How to complete this task:
An exact repetition of every entry, with no images, is the required answer.

########

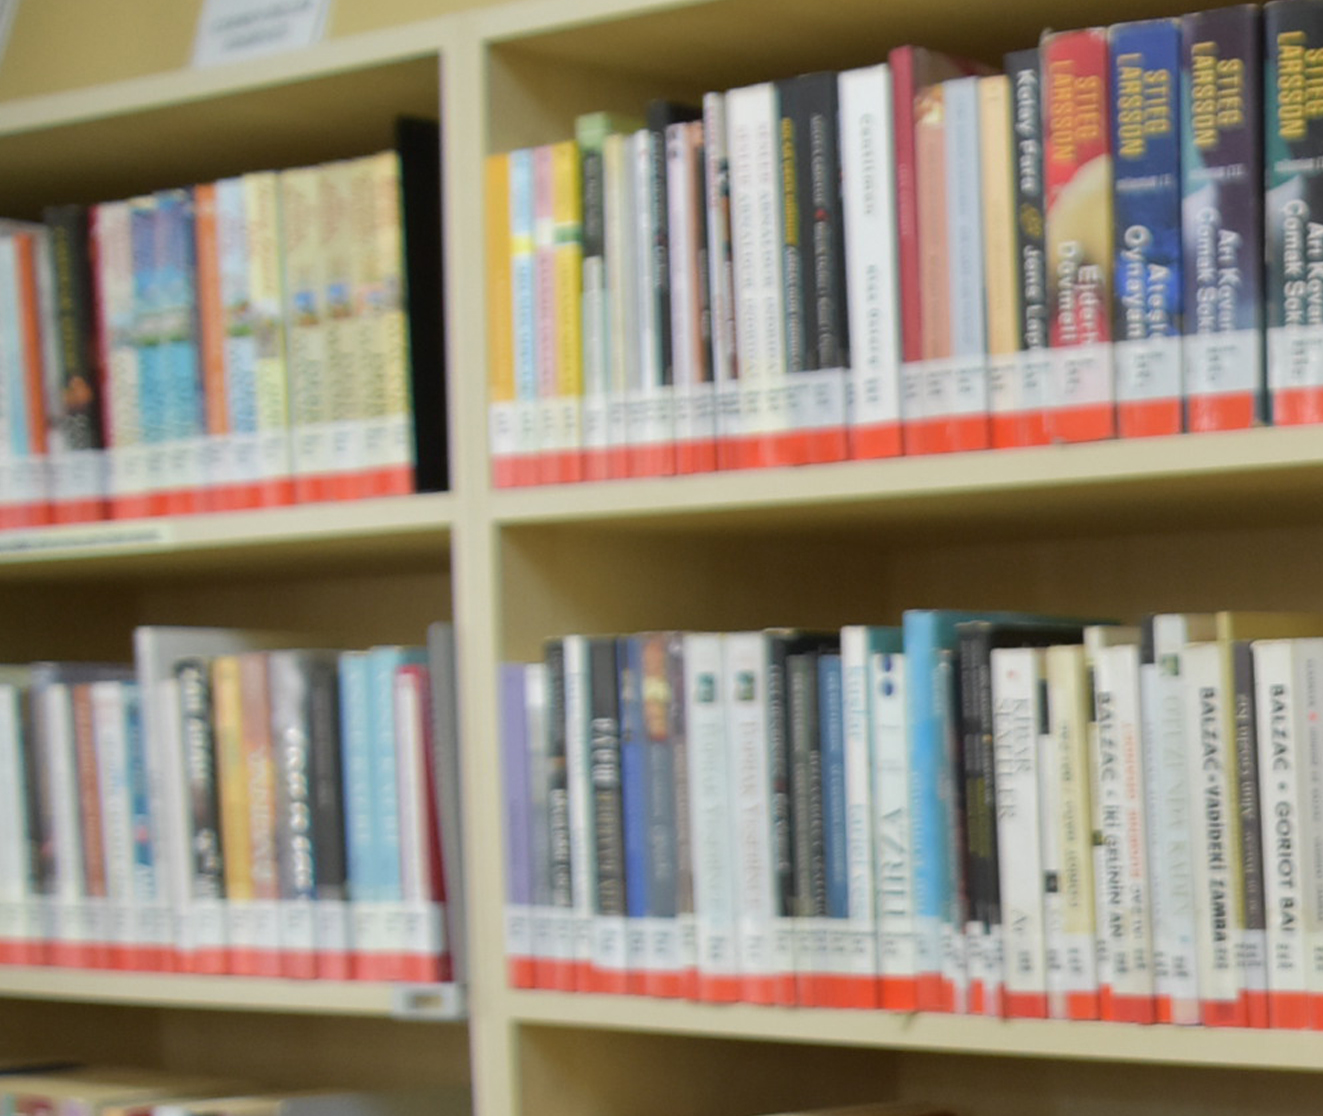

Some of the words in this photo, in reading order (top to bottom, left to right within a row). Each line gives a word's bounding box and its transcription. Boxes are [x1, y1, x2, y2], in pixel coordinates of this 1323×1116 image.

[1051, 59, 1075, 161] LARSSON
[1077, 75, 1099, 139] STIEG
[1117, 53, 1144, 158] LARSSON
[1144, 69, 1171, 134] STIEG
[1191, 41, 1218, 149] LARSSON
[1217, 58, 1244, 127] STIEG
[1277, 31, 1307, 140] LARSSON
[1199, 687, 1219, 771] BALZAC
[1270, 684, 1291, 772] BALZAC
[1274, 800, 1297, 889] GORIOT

########

Written reply:
Some of the words in this photo, in reading order (top to bottom, left to right within a row). Each line gives a word's bounding box and its transcription. Boxes are [x1, y1, x2, y2], in pixel coordinates of this 1323×1116 image.

[1051, 59, 1075, 161] LARSSON
[1077, 75, 1099, 139] STIEG
[1117, 53, 1144, 158] LARSSON
[1144, 69, 1171, 134] STIEG
[1191, 41, 1218, 149] LARSSON
[1217, 58, 1244, 127] STIEG
[1277, 31, 1307, 140] LARSSON
[1199, 687, 1219, 771] BALZAC
[1270, 684, 1291, 772] BALZAC
[1274, 800, 1297, 889] GORIOT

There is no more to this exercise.